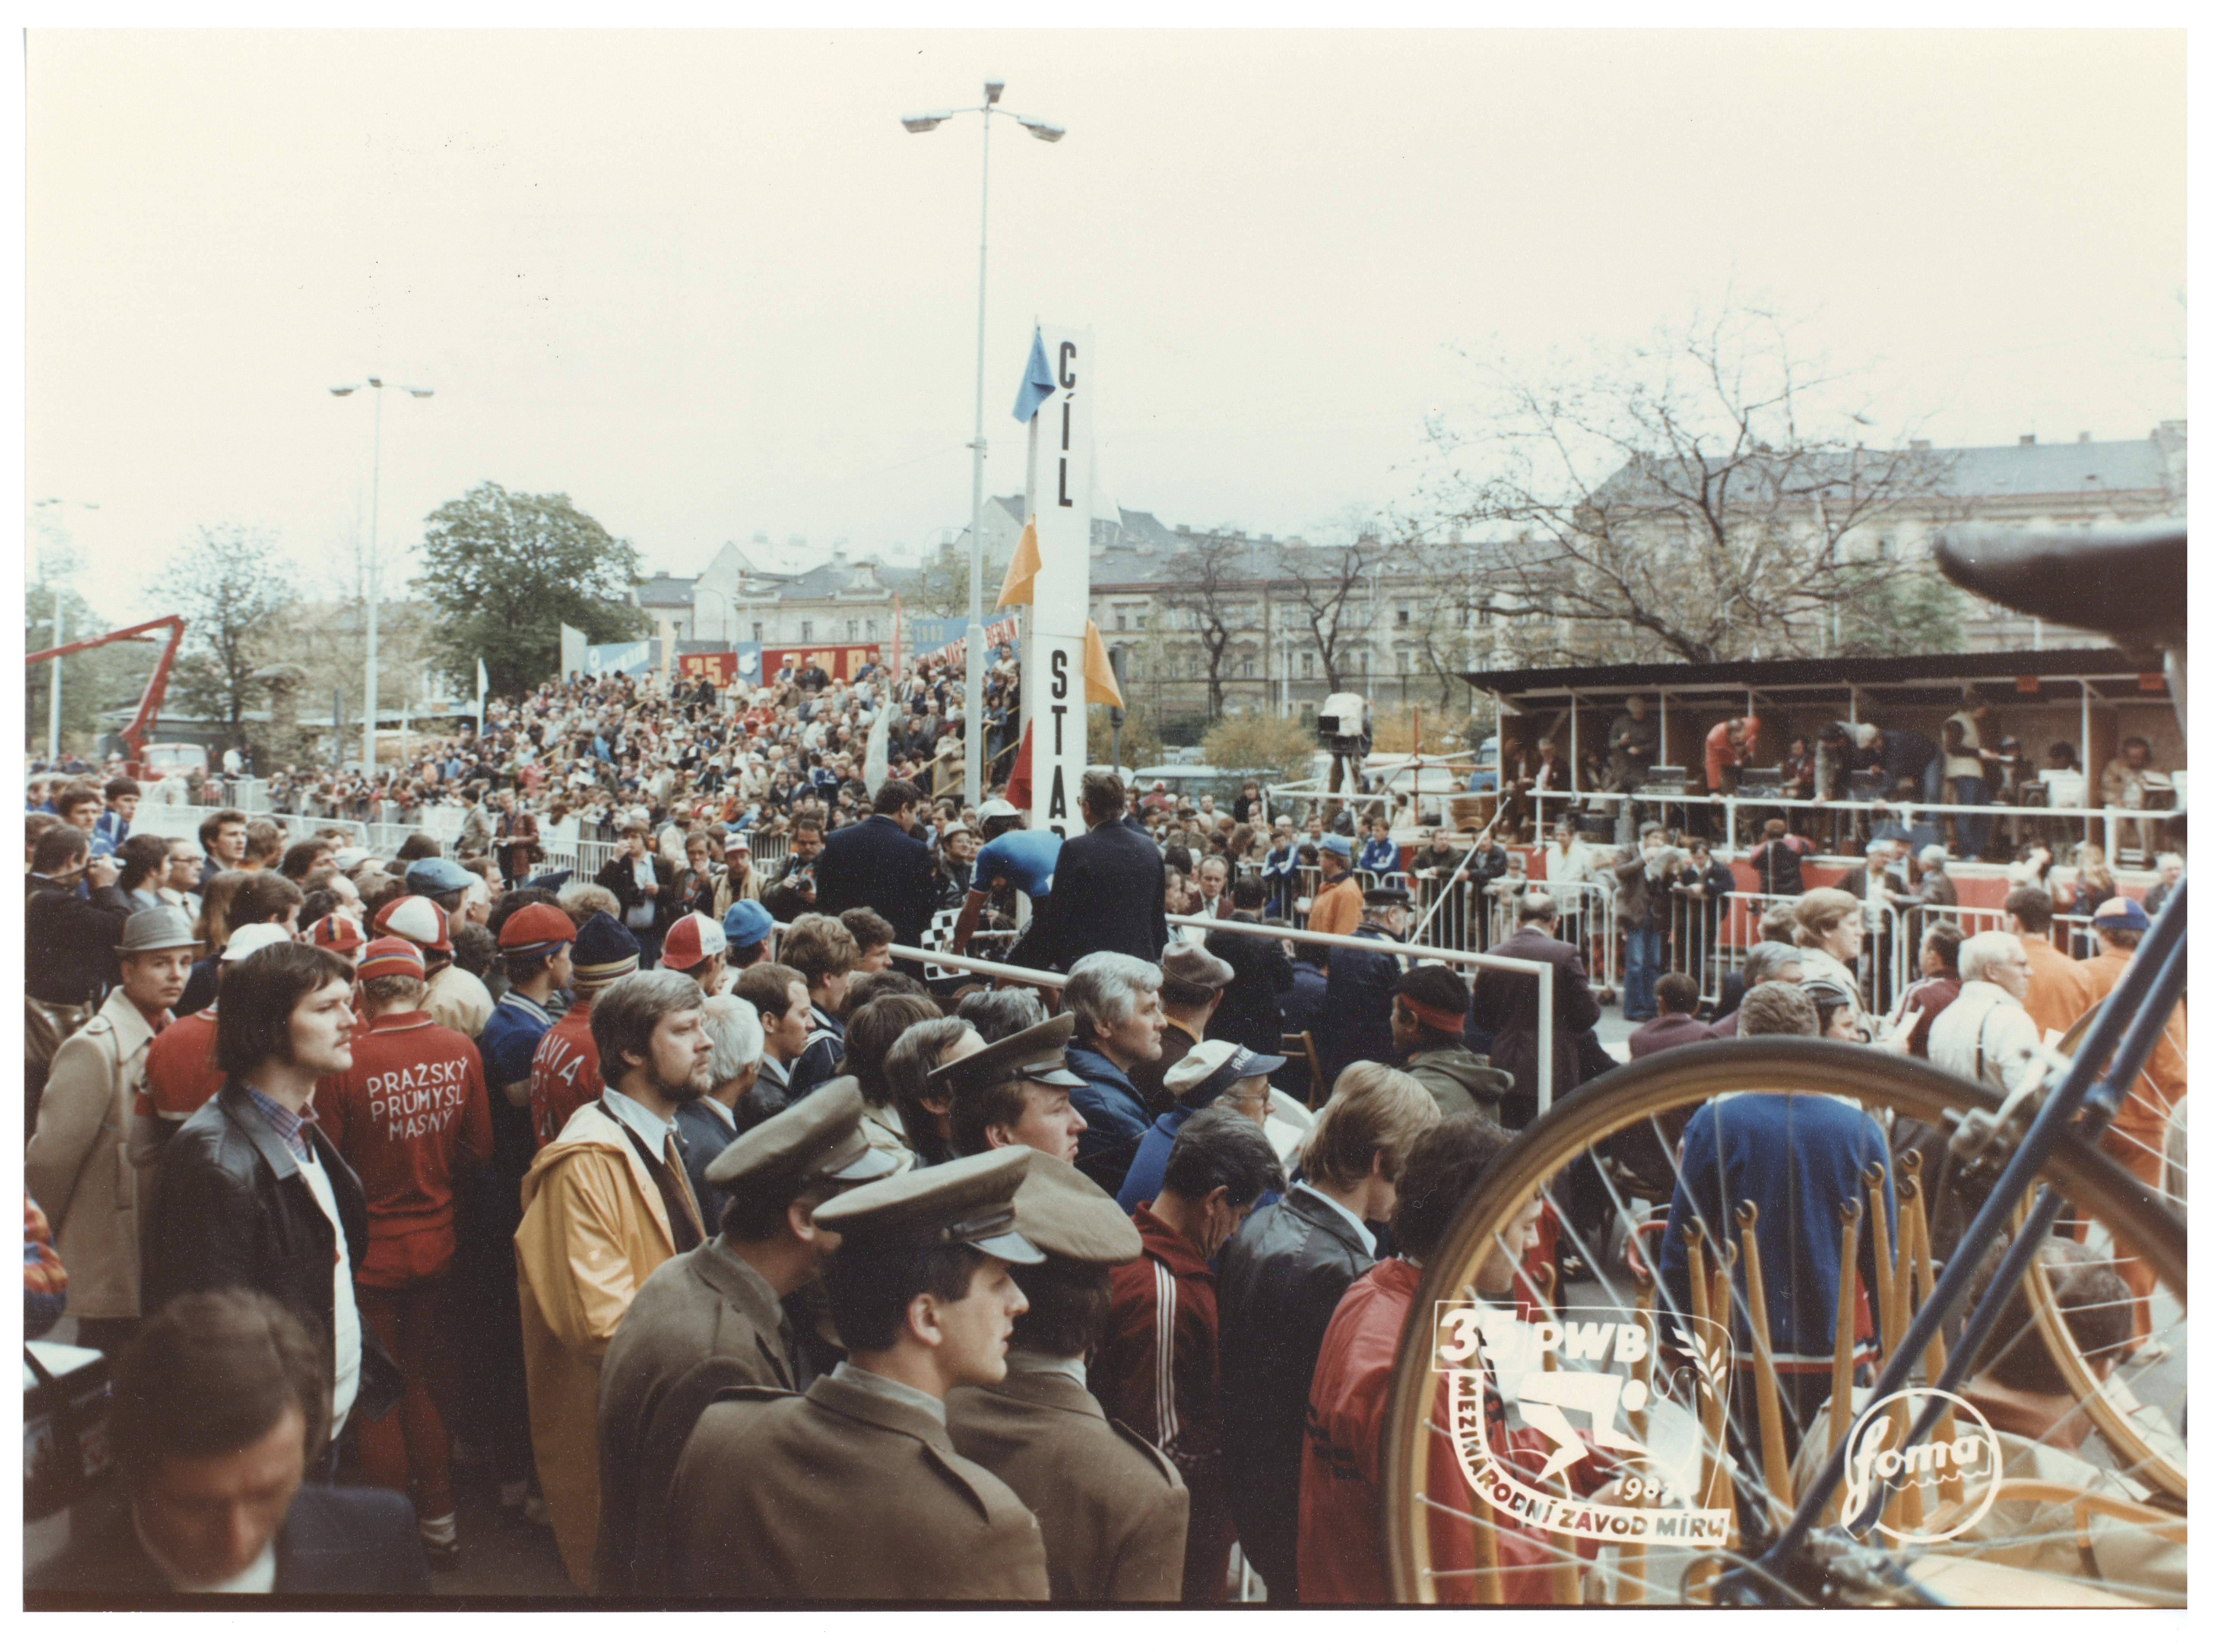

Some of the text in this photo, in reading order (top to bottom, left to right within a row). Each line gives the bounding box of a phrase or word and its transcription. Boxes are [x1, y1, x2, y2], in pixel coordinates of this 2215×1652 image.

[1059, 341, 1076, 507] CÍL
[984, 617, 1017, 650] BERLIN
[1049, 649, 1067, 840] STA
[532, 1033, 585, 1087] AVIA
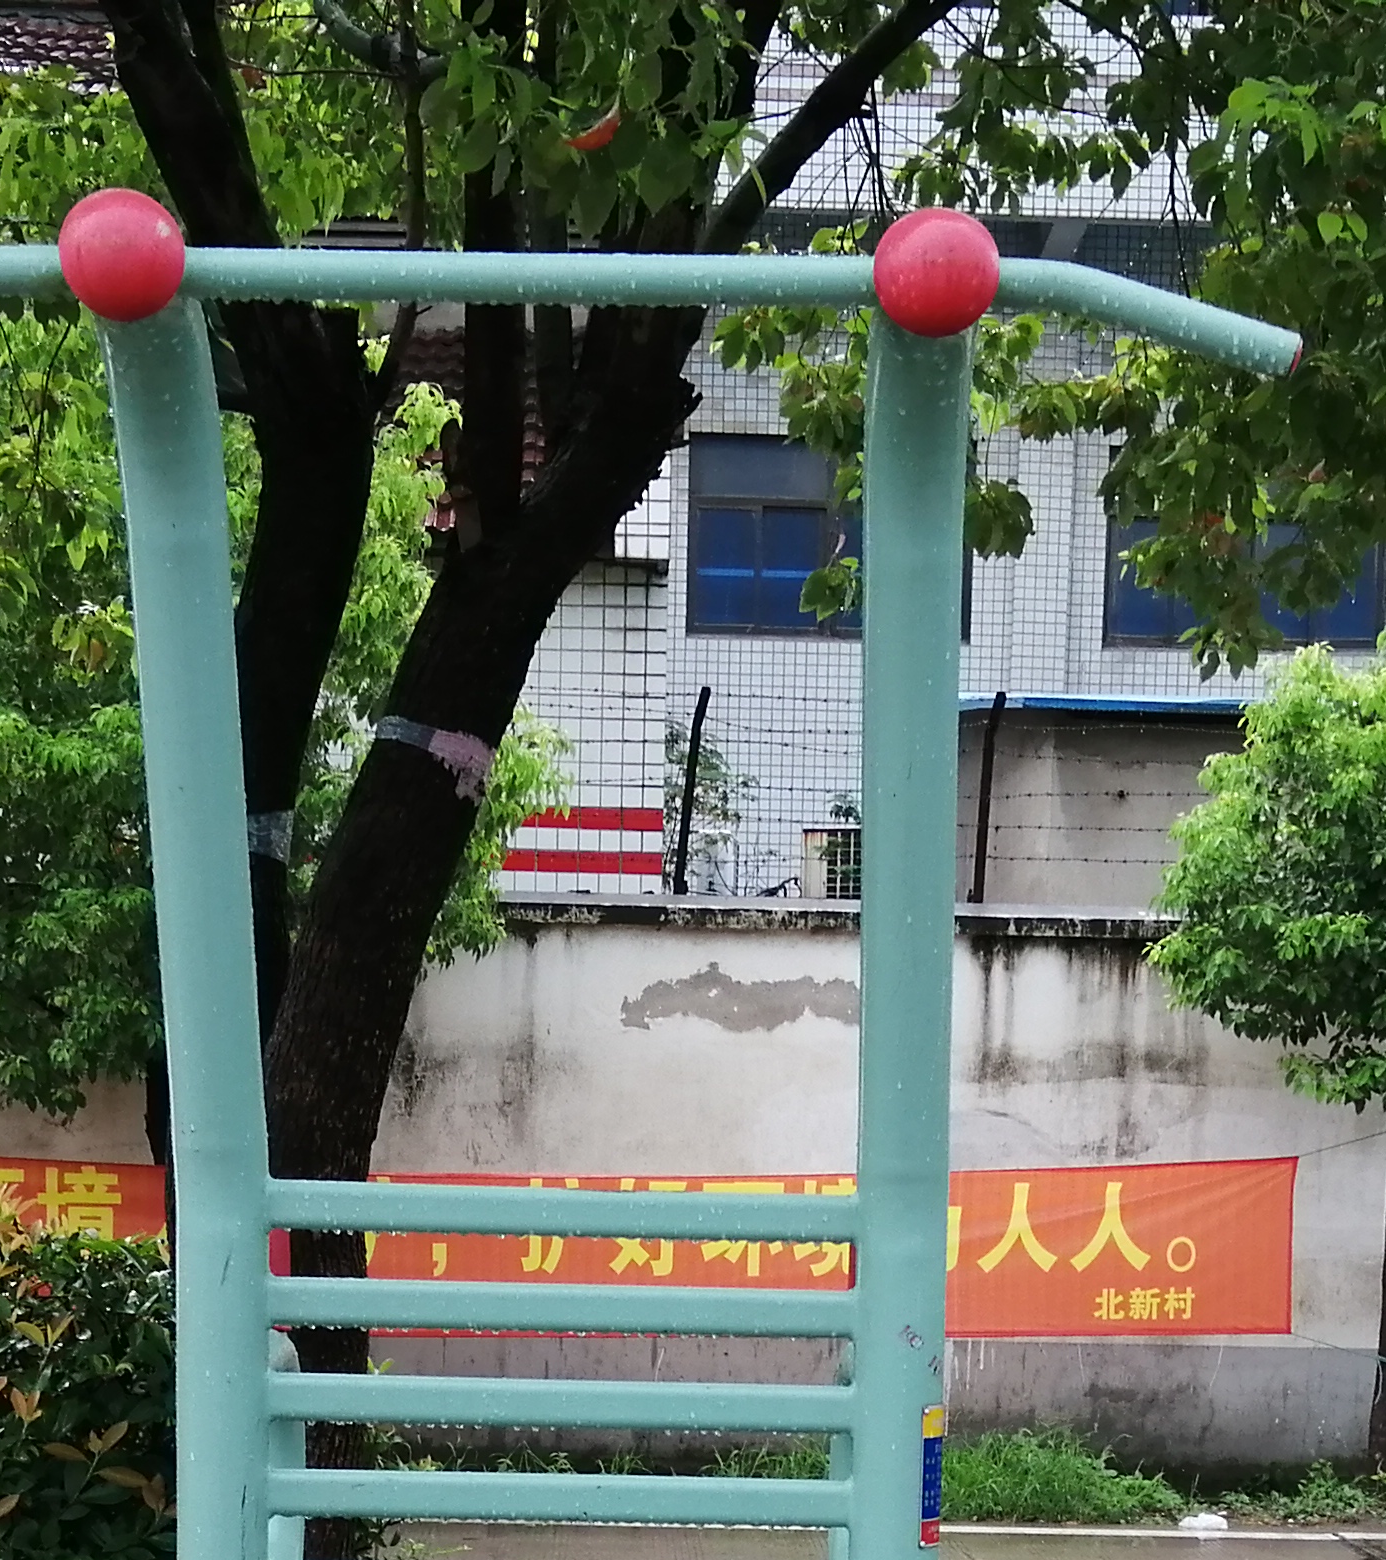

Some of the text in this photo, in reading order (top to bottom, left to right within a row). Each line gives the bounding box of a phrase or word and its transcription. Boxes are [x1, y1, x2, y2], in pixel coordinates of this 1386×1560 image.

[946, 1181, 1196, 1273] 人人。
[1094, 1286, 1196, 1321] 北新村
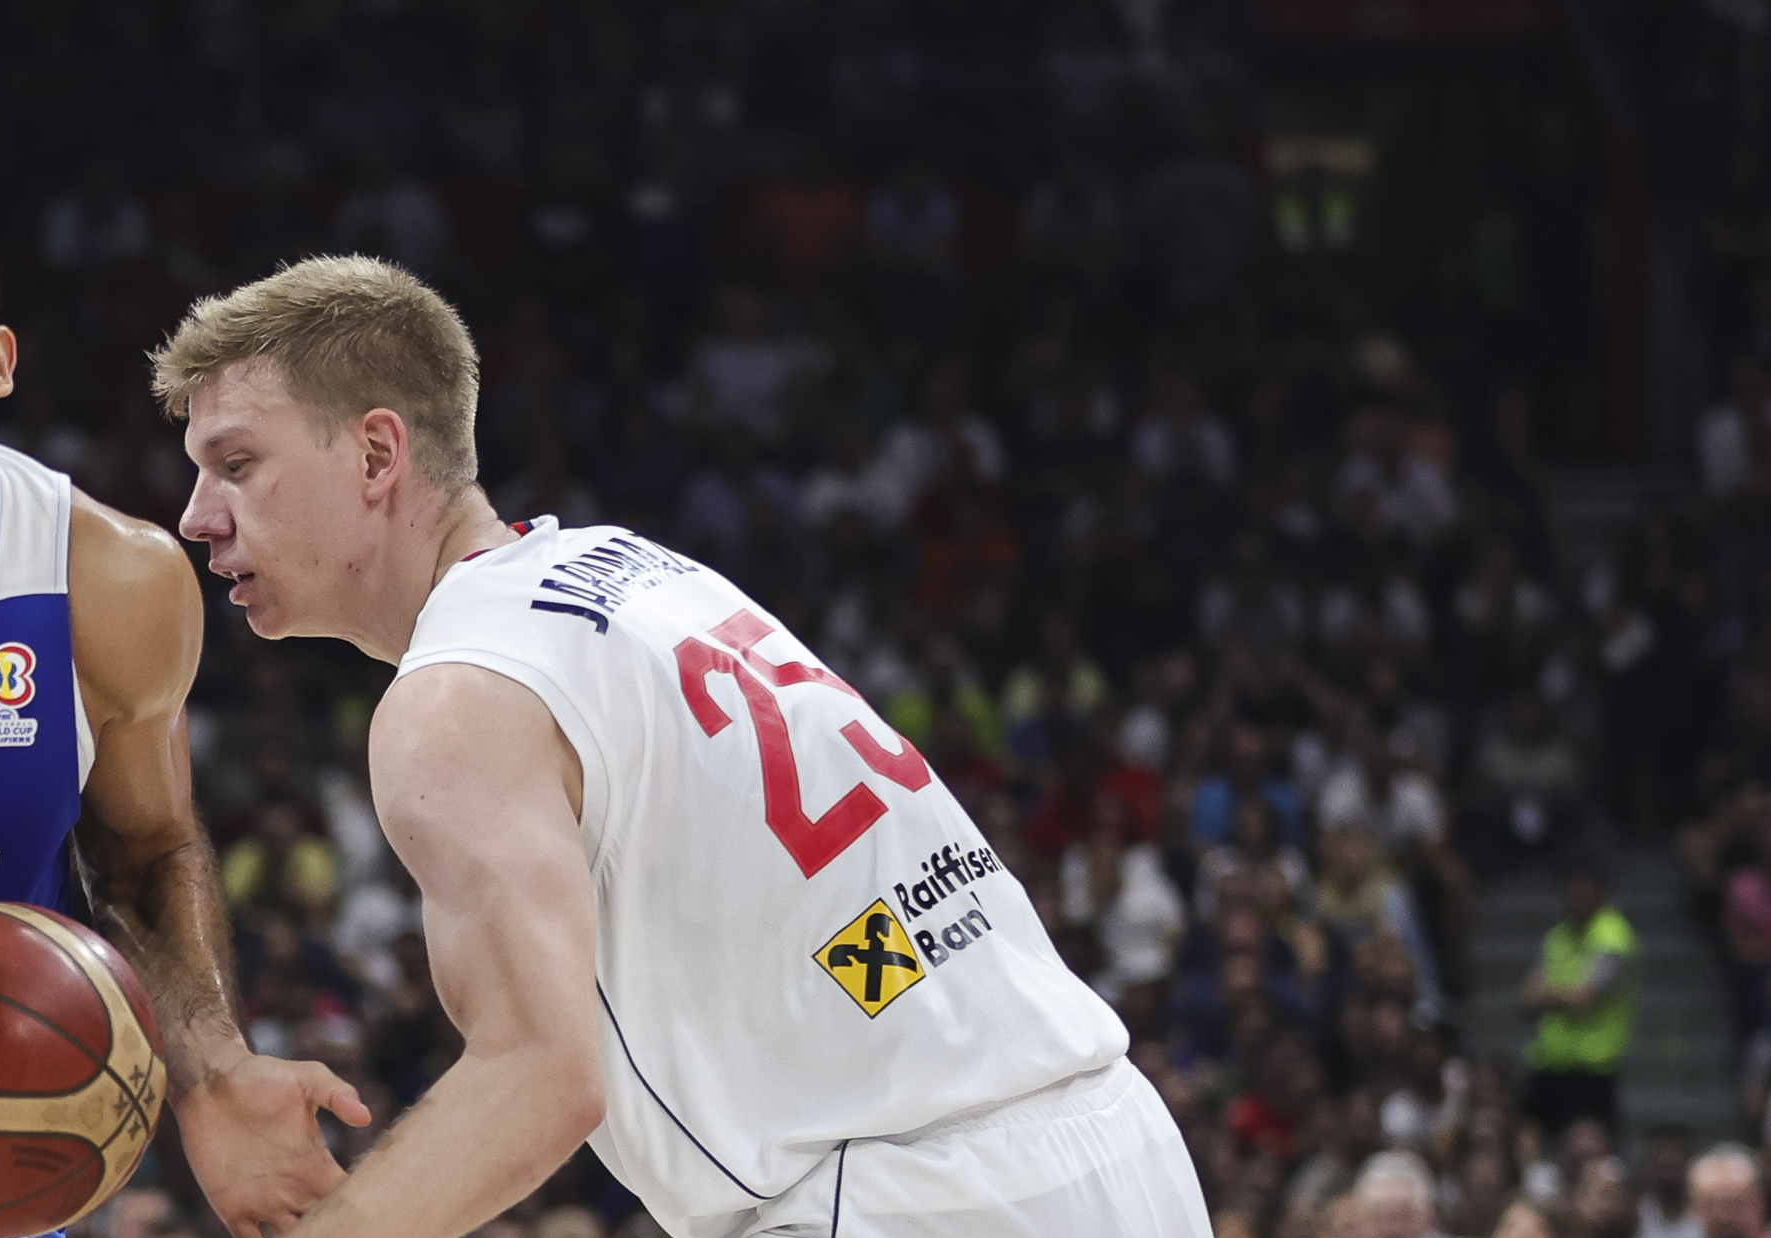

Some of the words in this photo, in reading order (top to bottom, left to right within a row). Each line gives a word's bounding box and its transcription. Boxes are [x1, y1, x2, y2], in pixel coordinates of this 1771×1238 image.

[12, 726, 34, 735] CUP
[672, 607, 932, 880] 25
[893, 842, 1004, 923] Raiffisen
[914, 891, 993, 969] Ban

**WORK INSTRUCTION:** Repeat exactly, and only, the lines from the line containing "Some of the words" through the last line of the records above, both included.

**ANSWER BELOW:**
Some of the words in this photo, in reading order (top to bottom, left to right within a row). Each line gives a word's bounding box and its transcription. Boxes are [x1, y1, x2, y2], in pixel coordinates of this 1771×1238 image.

[12, 726, 34, 735] CUP
[672, 607, 932, 880] 25
[893, 842, 1004, 923] Raiffisen
[914, 891, 993, 969] Ban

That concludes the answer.